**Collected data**
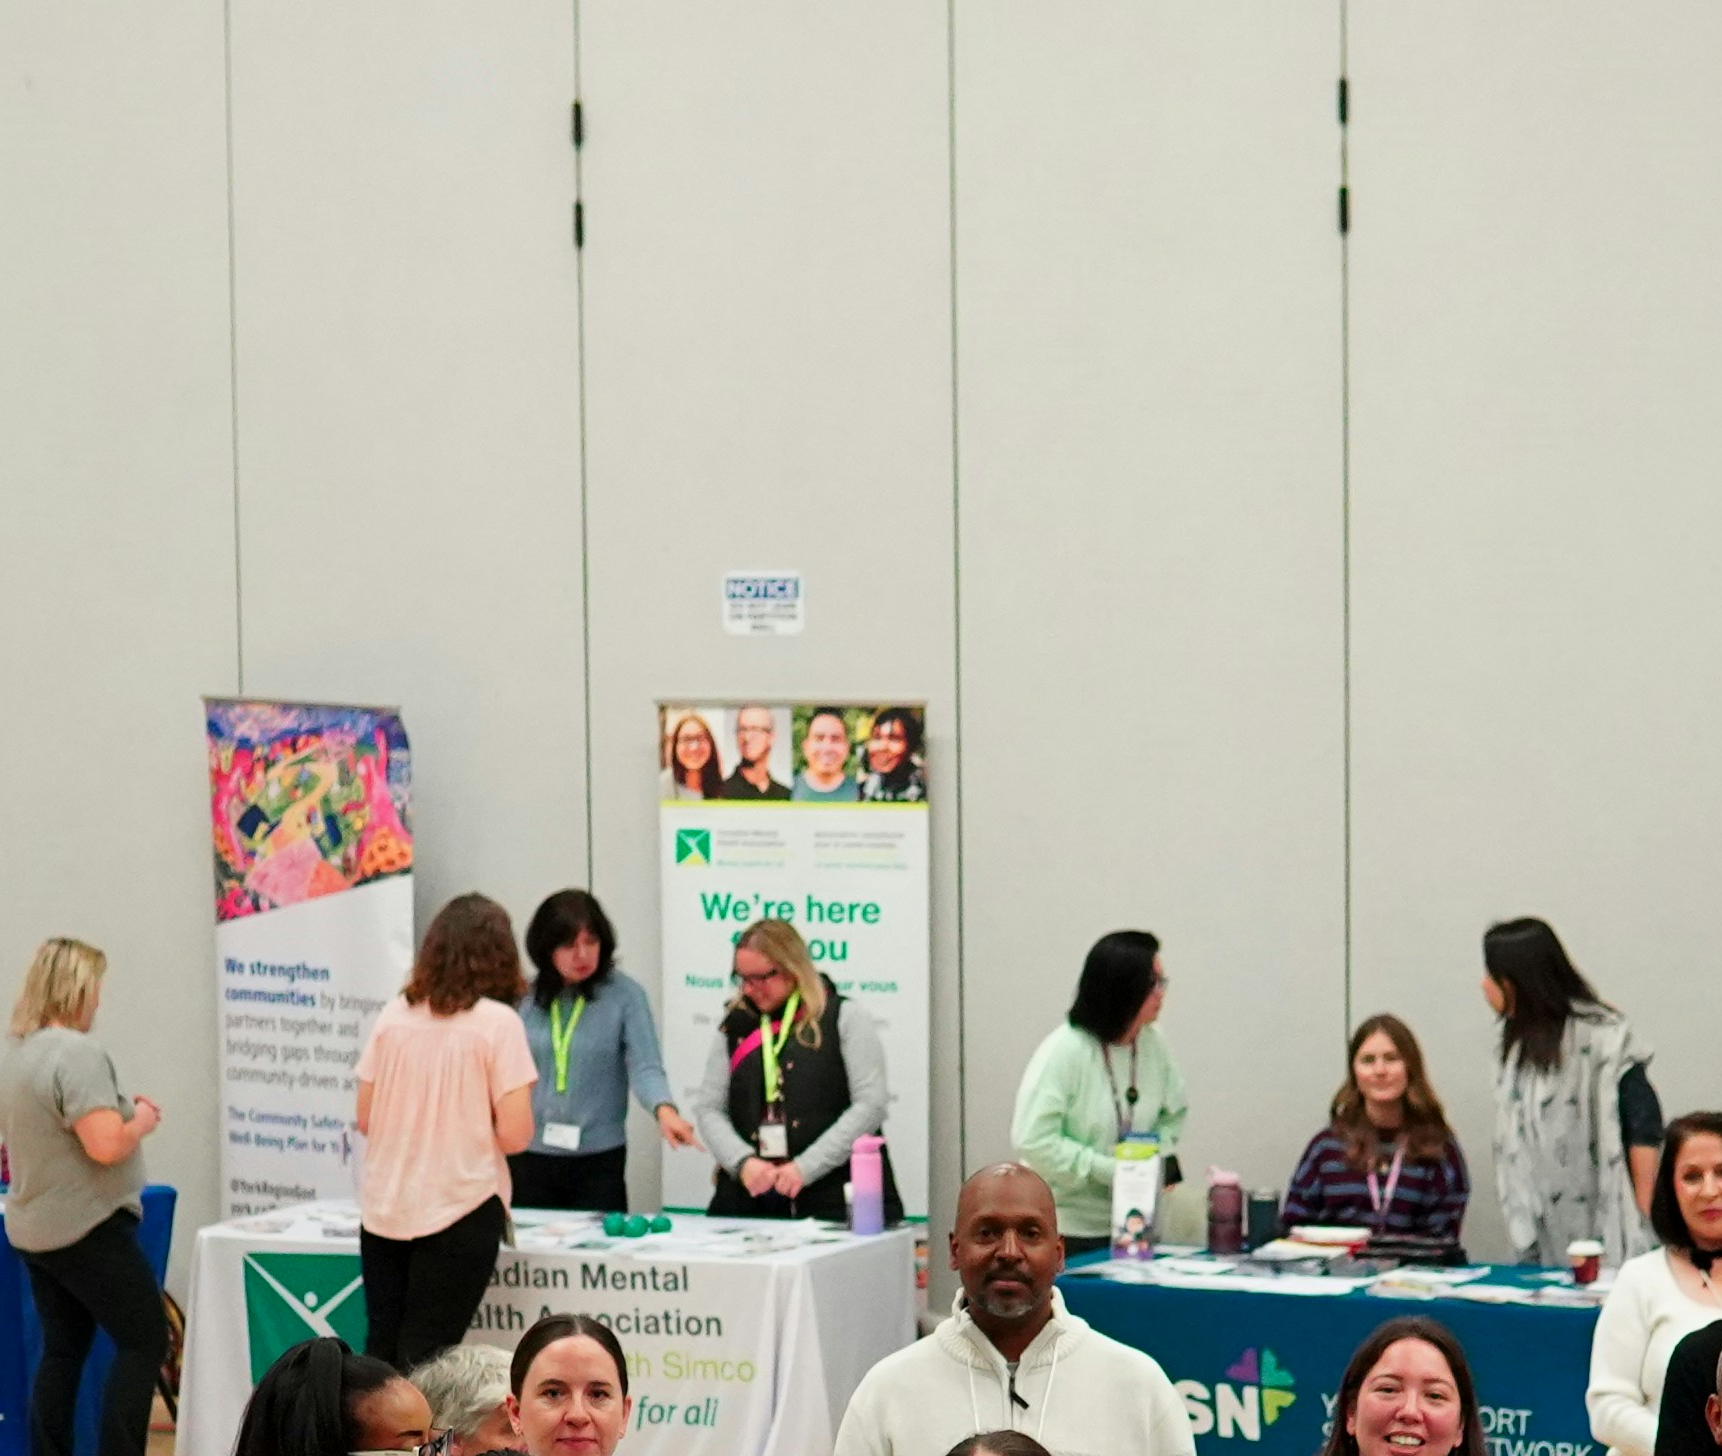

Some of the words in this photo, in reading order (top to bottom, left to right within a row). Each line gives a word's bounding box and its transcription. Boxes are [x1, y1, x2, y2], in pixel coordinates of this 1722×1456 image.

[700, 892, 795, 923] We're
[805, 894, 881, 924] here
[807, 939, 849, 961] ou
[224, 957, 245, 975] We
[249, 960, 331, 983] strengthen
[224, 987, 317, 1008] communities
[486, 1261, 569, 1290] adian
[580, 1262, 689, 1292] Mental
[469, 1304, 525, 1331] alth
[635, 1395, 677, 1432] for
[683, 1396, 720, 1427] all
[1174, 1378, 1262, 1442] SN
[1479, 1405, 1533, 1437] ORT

**The problem**
An exact copy of every record above is required, with all pictures omitted.

**Result of this exercise**
Some of the words in this photo, in reading order (top to bottom, left to right within a row). Each line gives a word's bounding box and its transcription. Boxes are [x1, y1, x2, y2], in pixel coordinates of this 1722×1456 image.

[700, 892, 795, 923] We're
[805, 894, 881, 924] here
[807, 939, 849, 961] ou
[224, 957, 245, 975] We
[249, 960, 331, 983] strengthen
[224, 987, 317, 1008] communities
[486, 1261, 569, 1290] adian
[580, 1262, 689, 1292] Mental
[469, 1304, 525, 1331] alth
[635, 1395, 677, 1432] for
[683, 1396, 720, 1427] all
[1174, 1378, 1262, 1442] SN
[1479, 1405, 1533, 1437] ORT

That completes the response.